Setup Kubernetes monitoring using kube-state-metrics(KSM) and Prometheus Agent
Step by step guide to enable ingesting Kubernetes metrics via Prometheus Agent and send to Last9 via remote write.
Pre-requisites
- Ensure that your kubectl configuration is pointing to the right Kubernetes cluster
- Create a Last9 cluster by following Quick start guide
What is kube-state-metrics(KSM)
kube-state-metrics
(KSM) is a simple service that listens to the Kubernetes API server and generates metrics about the state of the objects. It is not focused on the health of the individual Kubernetes components but on the health of the various objects inside, such as deployments, nodes, and pods.
The metrics are exported by default to the port's HTTP endpoint /metrics
on port 8080. They are served as plaintext. They are designed to be consumed either by Prometheus itself or by a scraper compatible with scraping a Prometheus client endpoint. You can also open /metrics
in a browser to see the raw metrics. Note that the metrics exposed on the /metrics
endpoint reflect the current state of the Kubernetes cluster. When Kubernetes objects are deleted, they are no longer visible on the /metrics
endpoint.
The documentation for the metrics exposed by KSM can be found here.

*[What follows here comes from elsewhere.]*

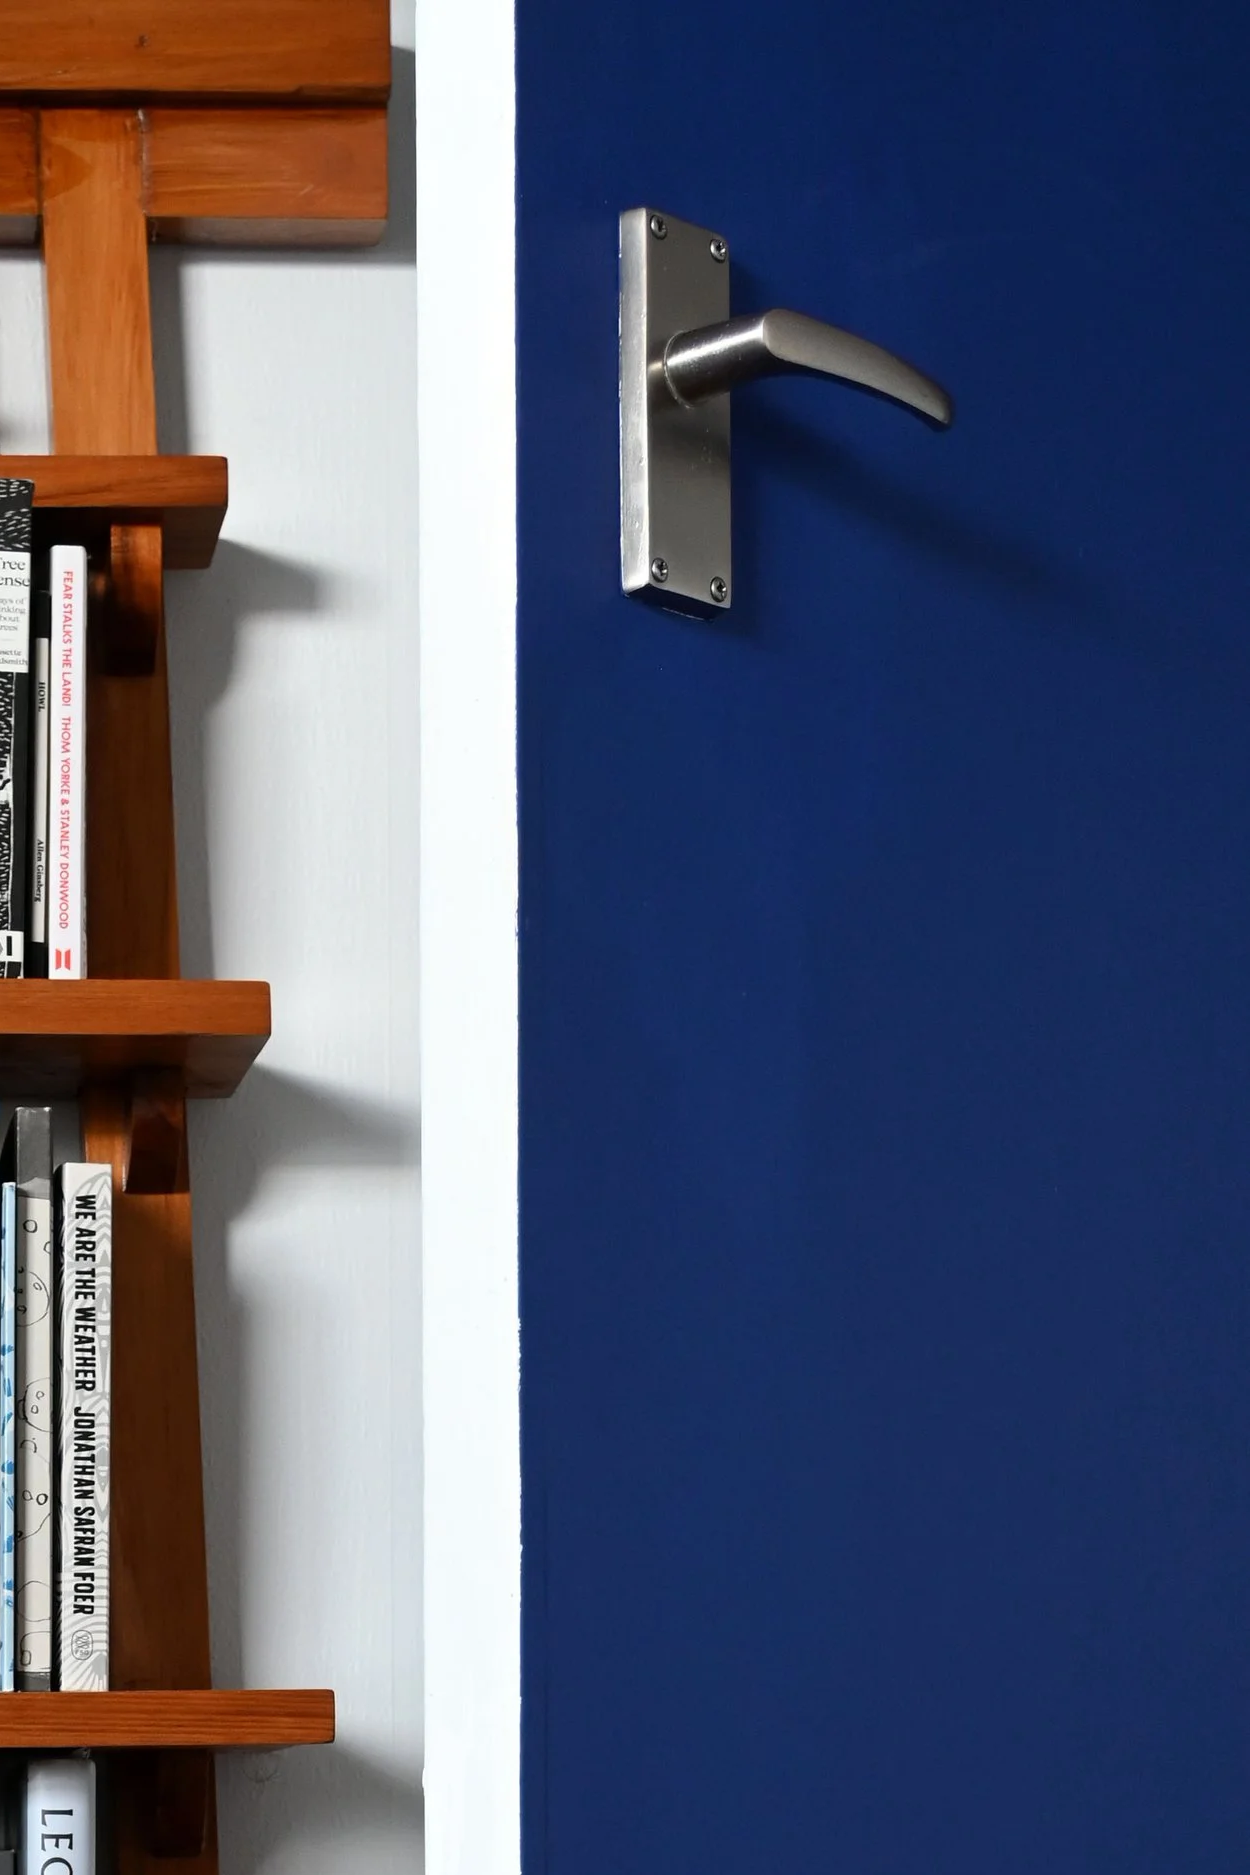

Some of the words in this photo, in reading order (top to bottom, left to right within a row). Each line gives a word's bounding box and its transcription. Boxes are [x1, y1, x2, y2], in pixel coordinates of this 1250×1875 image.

Automated installation (Preferred)
Step 1: Copy the installation command
Step 2: Run the installation command
Before running the command, update it to use the write token of the Last9 cluster.
<Your Token Key>
Running the command will download the manifest yaml in the current working directory. It is strongly recommended that you check the manifest file in git so that it can be extended later.
You can just follow the video to see the end-to-end setup.
Manual Installation
-
Clone the GitHub repo
git clone https://github.com/kubernetes/kube-state-metrics.git
-
Deployment steps
To deploy this project, you can simply run
kubectl apply -f examples/standard
, and a Kubernetes service and deployment will be created.kubectl apply -f examples/standard
Read for more details on deployment here.
-
Validate corresponding deployment
kubectl get deployments kube-state-metrics -n kube-system
This is the sample output that you should see.

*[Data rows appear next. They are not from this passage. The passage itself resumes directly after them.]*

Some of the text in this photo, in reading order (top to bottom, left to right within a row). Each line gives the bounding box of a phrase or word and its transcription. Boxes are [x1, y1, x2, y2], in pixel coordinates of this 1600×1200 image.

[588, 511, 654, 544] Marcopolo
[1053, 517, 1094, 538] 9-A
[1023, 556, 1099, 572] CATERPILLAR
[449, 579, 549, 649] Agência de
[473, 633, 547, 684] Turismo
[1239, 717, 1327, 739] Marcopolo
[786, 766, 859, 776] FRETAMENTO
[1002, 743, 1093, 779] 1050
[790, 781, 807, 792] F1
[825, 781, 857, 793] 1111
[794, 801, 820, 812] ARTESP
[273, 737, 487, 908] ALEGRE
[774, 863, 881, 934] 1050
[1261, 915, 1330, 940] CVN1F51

NAME READY UP-TO-DATE AVAILABLE AGE
kube-state-metrics 1/1 1 1 6d1h
Configure remote write to Last9
If you already have a running Prometheus setup, add the attached scrape configs, and remote write setup to your Prometheus config file to send data to Last9.
# prometheus.yaml
scrape_configs:
- job_name: "node-exporter"
kubernetes_sd_configs:
- role: endpoints
relabel_configs:
- source_labels: [__meta_kubernetes_endpoints_name]
regex: "node-exporter"
action: keep
- job_name: "kubernetes-apiservers"
kubernetes_sd_configs:
- role: endpoints
scheme: https
tls_config:
ca_file: /var/run/secrets/kubernetes.io/serviceaccount/ca.crt
bearer_token_file: /var/run/secrets/kubernetes.io/serviceaccount/token
relabel_configs:
- source_labels:
[
__meta_kubernetes_namespace,
__meta_kubernetes_service_name,
__meta_kubernetes_endpoint_port_name,
]
action: keep
regex: default;kubernetes;https
- job_name: "kubernetes-nodes"
scheme: https
tls_config:
ca_file: /var/run/secrets/kubernetes.io/serviceaccount/ca.crt
bearer_token_file: /var/run/secrets/kubernetes.io/serviceaccount/token
kubernetes_sd_configs:
- role: node
relabel_configs:
- action: labelmap
regex: __meta_kubernetes_node_label_(.+)
- target_label: __address__
replacement: kubernetes.default.svc:443
- source_labels: [__meta_kubernetes_node_name]
regex: (.+)
target_label: __metrics_path__
replacement: /api/v1/nodes/${1}/proxy/metrics
- job_name: "kubernetes-pods"
kubernetes_sd_configs:
- role: pod
relabel_configs:
- source_labels: [__meta_kubernetes_pod_annotation_prometheus_io_scrape]
action: keep
regex: true
- source_labels: [__meta_kubernetes_pod_annotation_prometheus_io_path]
action: replace
target_label: __metrics_path__
regex: (.+)
- source_labels:
[__address__, __meta_kubernetes_pod_annotation_prometheus_io_port]
action: replace
regex: ([^:]+)(?::\d+)?;(\d+)
replacement: $1:$2
target_label: __address__
- action: labelmap
regex: __meta_kubernetes_pod_label_(.+)
- source_labels: [__meta_kubernetes_namespace]
action: replace
target_label: kubernetes_namespace
- source_labels: [__meta_kubernetes_pod_name]
action: replace
target_label: kubernetes_pod_name
- job_name: "kube-state-metrics"
static_configs:
- targets: ["kube-state-metrics.kube-system.svc.cluster.local:8080"]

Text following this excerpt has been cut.